PROVIDED RECORDS
· · ·
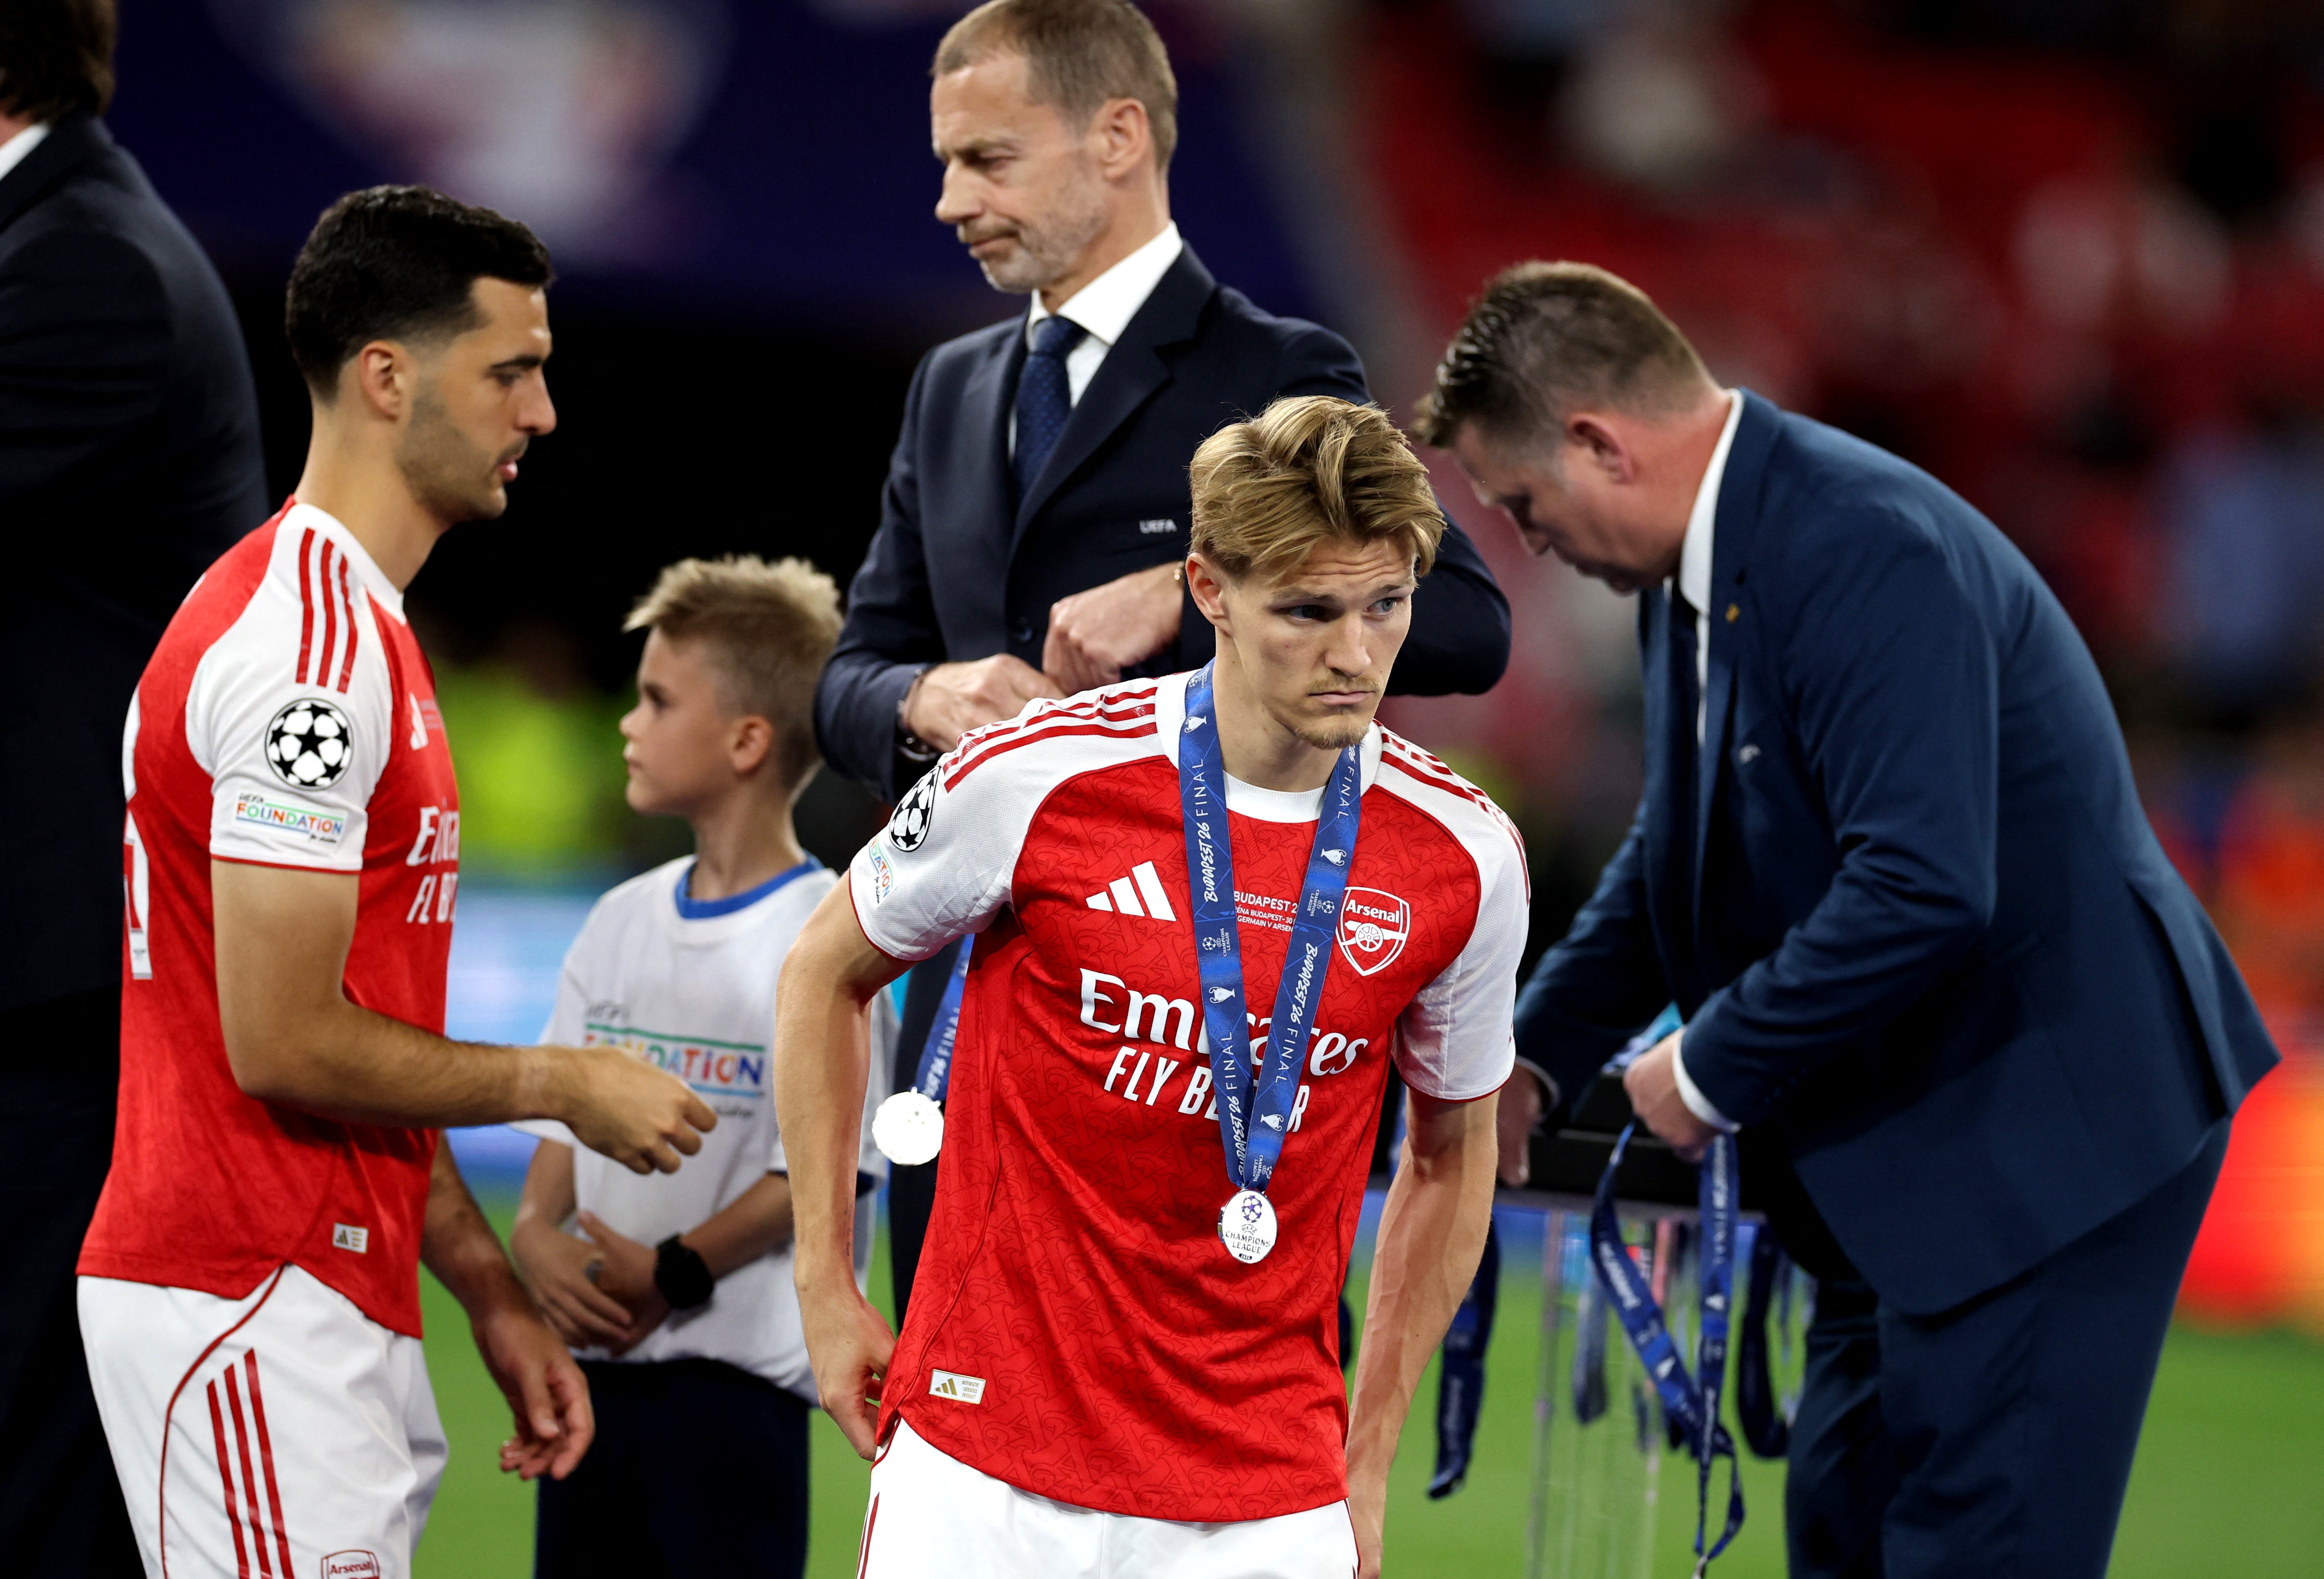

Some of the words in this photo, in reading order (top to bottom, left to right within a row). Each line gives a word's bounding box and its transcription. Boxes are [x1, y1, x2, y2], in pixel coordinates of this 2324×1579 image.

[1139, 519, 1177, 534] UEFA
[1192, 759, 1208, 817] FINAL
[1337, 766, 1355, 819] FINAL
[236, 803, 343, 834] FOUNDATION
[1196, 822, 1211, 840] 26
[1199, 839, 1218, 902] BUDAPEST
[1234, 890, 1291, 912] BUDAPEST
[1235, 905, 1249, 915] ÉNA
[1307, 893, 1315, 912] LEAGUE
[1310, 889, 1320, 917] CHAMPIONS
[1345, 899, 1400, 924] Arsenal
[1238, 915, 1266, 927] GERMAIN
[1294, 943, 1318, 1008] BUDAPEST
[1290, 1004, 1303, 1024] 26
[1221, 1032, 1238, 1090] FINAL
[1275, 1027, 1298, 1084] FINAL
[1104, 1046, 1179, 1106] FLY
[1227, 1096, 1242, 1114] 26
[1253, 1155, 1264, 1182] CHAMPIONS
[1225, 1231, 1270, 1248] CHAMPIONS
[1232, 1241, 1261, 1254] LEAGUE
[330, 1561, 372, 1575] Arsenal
· · ·
ACTIVITY
For this exercise, transcribe the data exactly but without its pictures.

REPLY
Some of the words in this photo, in reading order (top to bottom, left to right within a row). Each line gives a word's bounding box and its transcription. Boxes are [x1, y1, x2, y2], in pixel coordinates of this 2324×1579 image.

[1139, 519, 1177, 534] UEFA
[1192, 759, 1208, 817] FINAL
[1337, 766, 1355, 819] FINAL
[236, 803, 343, 834] FOUNDATION
[1196, 822, 1211, 840] 26
[1199, 839, 1218, 902] BUDAPEST
[1234, 890, 1291, 912] BUDAPEST
[1235, 905, 1249, 915] ÉNA
[1307, 893, 1315, 912] LEAGUE
[1310, 889, 1320, 917] CHAMPIONS
[1345, 899, 1400, 924] Arsenal
[1238, 915, 1266, 927] GERMAIN
[1294, 943, 1318, 1008] BUDAPEST
[1290, 1004, 1303, 1024] 26
[1221, 1032, 1238, 1090] FINAL
[1275, 1027, 1298, 1084] FINAL
[1104, 1046, 1179, 1106] FLY
[1227, 1096, 1242, 1114] 26
[1253, 1155, 1264, 1182] CHAMPIONS
[1225, 1231, 1270, 1248] CHAMPIONS
[1232, 1241, 1261, 1254] LEAGUE
[330, 1561, 372, 1575] Arsenal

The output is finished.